Suite de la chronique proposée par Alexandre De La Salle entamée hier...

L’étrange esthétique du gris

Le texte de Francis Parent dont j’ai donné un extrait (il en écrit un certain nombre d’autres sur Peter Klasen) me semble prémonitoire de toute la suite de l’œuvre. Par exemple lorsqu’il dit que plus la société se fera globalisante plus le je s’individualisera (le rendant ainsi plus carcéralisé), et que, dans le travail de Peter, l’érotisme disparaîtra de plus en plus pour laisser la place à du Symbolique : ainsi le fauteuil dentaire pourra représenter la chaise électrique, des portes fermées de wagons SNCF d’autres wagons plombés, etc., et, dit-il encore, que cela fait de l’œuvre de Klasen une charnière au sens où Duchamp – le Maître de la charnière », demandait que l’on remette « la peinture au service de l’intelligence ». Effectivement la peinture de Peter est si intelligente que des gens très intelligents ont parlé d’elle, et il est difficile de choisir dans une abondance de textes remarquables.
Je fais donc ce que je fais dans cette chronique : fouiller dans mes archives pour suivre le fil de mes rencontres avec les artistes, le fil de mes expositions, et de ce qui va avec, les textes critiques que les expositions ont produites auprès des critiques, poètes, journalistes. C’est très sympathique parce que je retrouve des choses que j’avais oubliées, ainsi, accompagnant l’article de Georges Bertolino (Nice-Matin) sur l’exposition de 77, une photo du vernissage où l’on reconnaît, de gauche à droite : Michel Magne, son épouse Marie-Claude, son fils Michaël, moi-même à côté de Seund Ja Rhee, Peter Klasen, Francis Parent, Claude Gilli sur ses deux jambes, Nicole Gilli, Nigel Ritchie, et Nadine Vivier ! Sont mentionnés dans l’article pour leur présence Marius Issert, maire de Saint-Paul, Alocco, Bauzil, Ben, César, Baviera, Dolla, Eppelé, Farhi, Flexner, Delbourg, Cohen, Gayo, Jani, Morot-Sir, Verdet, Parent, Pluchart, Matarasso, Clasen (le galeriste), Durand-Ruel (idem). Georges Bertolino écrit à un moment : « D’apparence photographique, la peinture de Klasen révèle toute une imagerie qui renvoie au quotidien le plus banal mais non pas le moins angoissant. Souvent de couleur grise, ses tableaux évoquent la fermeture de portes derrière lesquelles on ne sait ce qui se passe. Cet énigmatique monde du silence sur lequel s’inscrivent seulement quelques rares notations, qui peut le déchiffrer ? ».

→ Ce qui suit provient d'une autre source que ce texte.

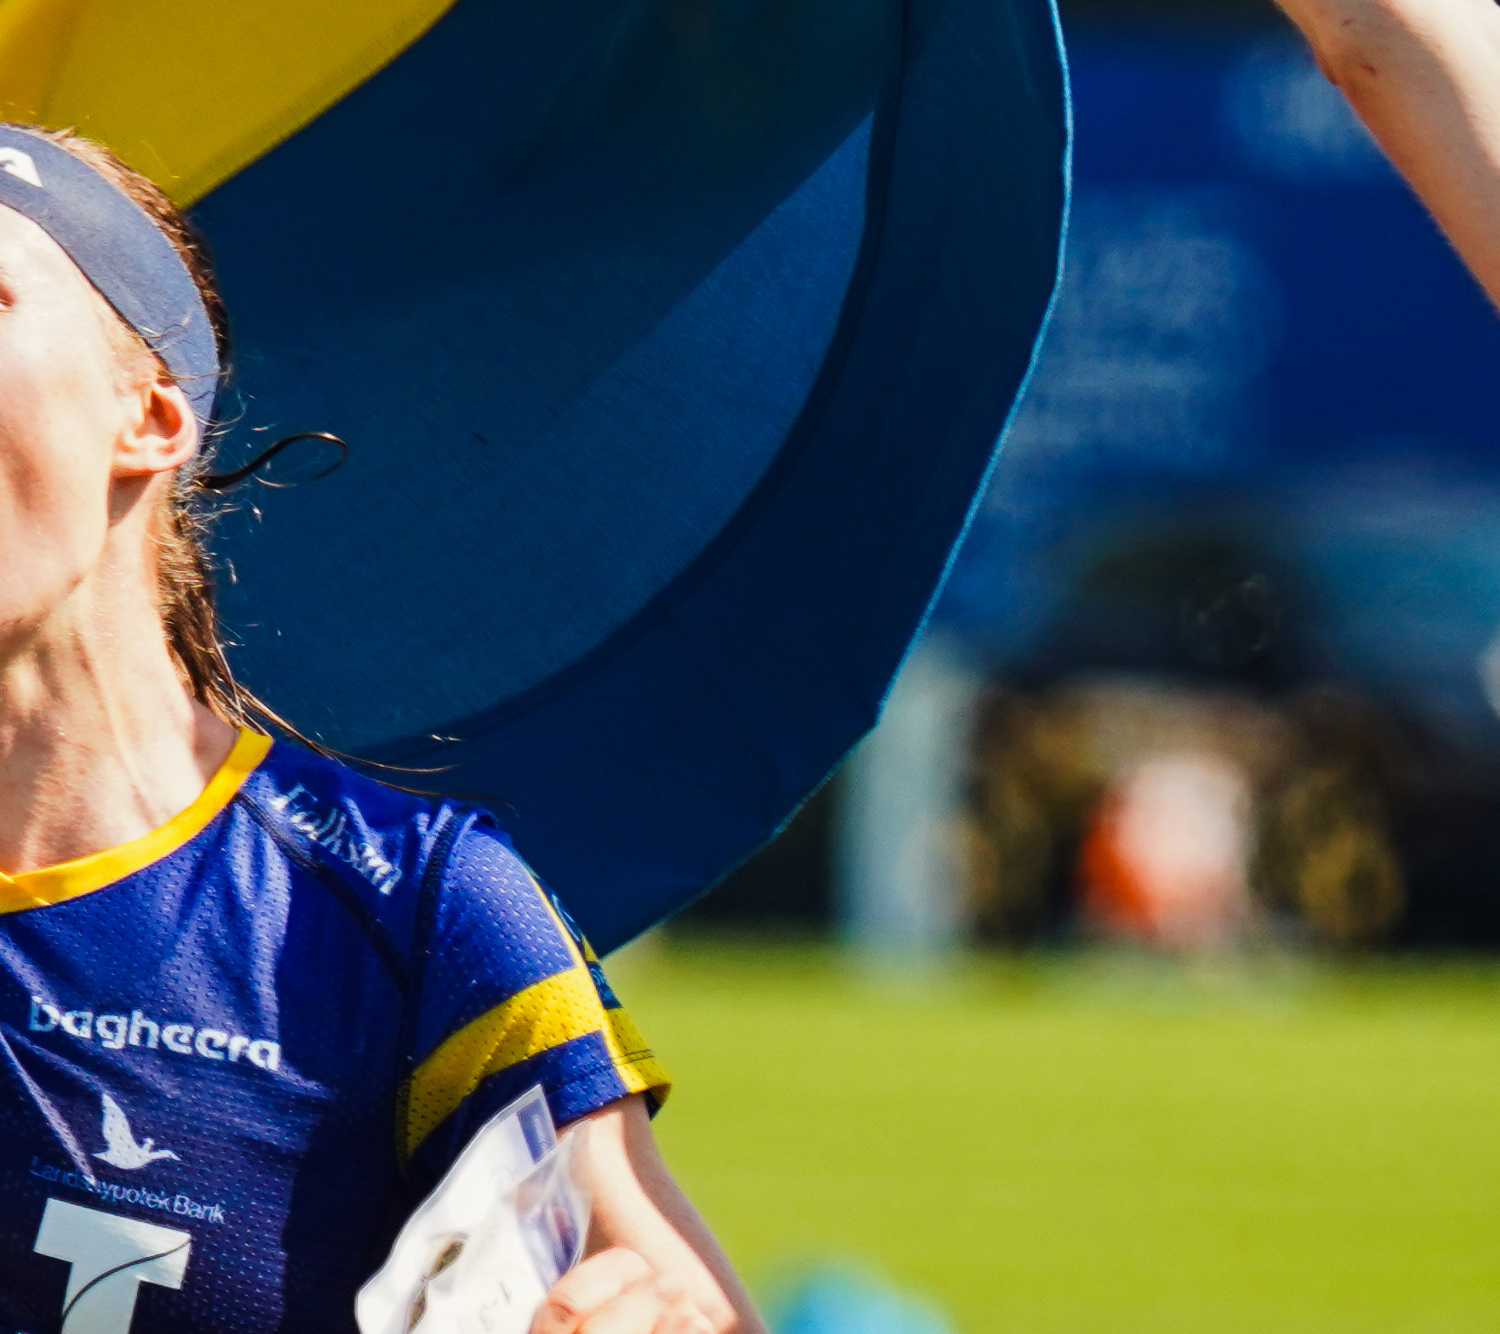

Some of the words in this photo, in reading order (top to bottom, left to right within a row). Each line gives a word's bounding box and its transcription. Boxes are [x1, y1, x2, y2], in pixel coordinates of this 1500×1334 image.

[28, 995, 282, 1072] bagheera
[29, 1156, 174, 1212] Landsypotek
[173, 1193, 226, 1225] Bank

Peter Klasen « Le Robinet » (1966)
DR

Pierre Tilman : « … derrière la porte grise »

Dans la même plaquette de l’exposition de 1977, Pierre Tilman a écrit un texte dont j’ai mis les deux extraits que voici dans le « Paradoxe… en 2000 » : « Derrière la porte grise 34 RIV 87 SNCF close hermétique ETR opaque 10770 kg, qu’y-a-t-il ? Peut-être rien. Peut-être même pas quelqu’un. Peut-être même pas quelque chose. MARCHANDISES. (…) ISSUE DE SECOURS. Criminal doktor Mengele. Ou bien des blocs géométriques de silence, de la viande froide, surgelée, quartiers de bidoche inodore, sans poids, fantomatique, avec les petites pales de la ventilation qui tournent inlassablement sans aucun bruit ATTENZIONE tandis qu’une trace d’humidité témoigne de quelque chose d’indéfinissable par la parole, comme une moisissure de la surface barrée du métal, l’échappée fugitive d’un mouvement imperceptible. LONG VEHICLE ».

J’en rajoute ici la fin :
« Il est évidemment préférable pour tout un chacun que le côté fermé de la porte close ne vienne pas à se confondre avec son côté ouvert. Il est préférable pour tout un chacun que le silence s’ajoute au silence, la peur à la peur et l’ignorance à l’ignorance. Sinon la porte tournerait sur ses gonds dans un tonnerre de grincements. Le fermé se métamorphoserait en ouvert. 0 F. L’indicible se dirait. L’intolérable toléré se changerait par permutation en toléré intolérable. Par un simple glissement rotatif. Un simple jeu de charnière. Voici que l’anonyme se nomme, l’Histoire muette parle, l’amputé montre le poing. Il y a peut être tout cela derrière la porte close. Il n’y a peut être rien de cela. Peut être que je ne me souviens plus. Peut être que j’ai perdu la mémoire. Pourquoi n’y aurait il pas quelqu’un d’enfermé ? Quelqu’un de satisfait d’être enfermé, tranquille, peinard, à l’abri derrière ce rempart protecteur. Isolé, Défendu, protégé. Loquet tiré sur les agressions extérieures. Quelqu’un qui, si la porte venait à s’ouvrir, chercherait à la refermer. Quelqu’un qui dit : j’ai besoin de défense, la cloison m’est nécessaire, j’appelle l’irresponsabilité des frontières. Je ne sais pas savoir, je ne peux pas pouvoir, je ne veux pas vouloir. Je suis l’enfermé, j’en revendique l’étiquette. C’est la nécessité de l’enfermeur que de tourner la clef à double tour dans la serrure et de tirer le verrou. KEEP OUT. (Ces inscriptions en capitales noires tracent la marque de l’enfermeur. Elles inscrivent la signature de leur utilisation énigmatique, la notation d’une finalité rigoureusement quadrillée, le sigle hermétique du pouvoir).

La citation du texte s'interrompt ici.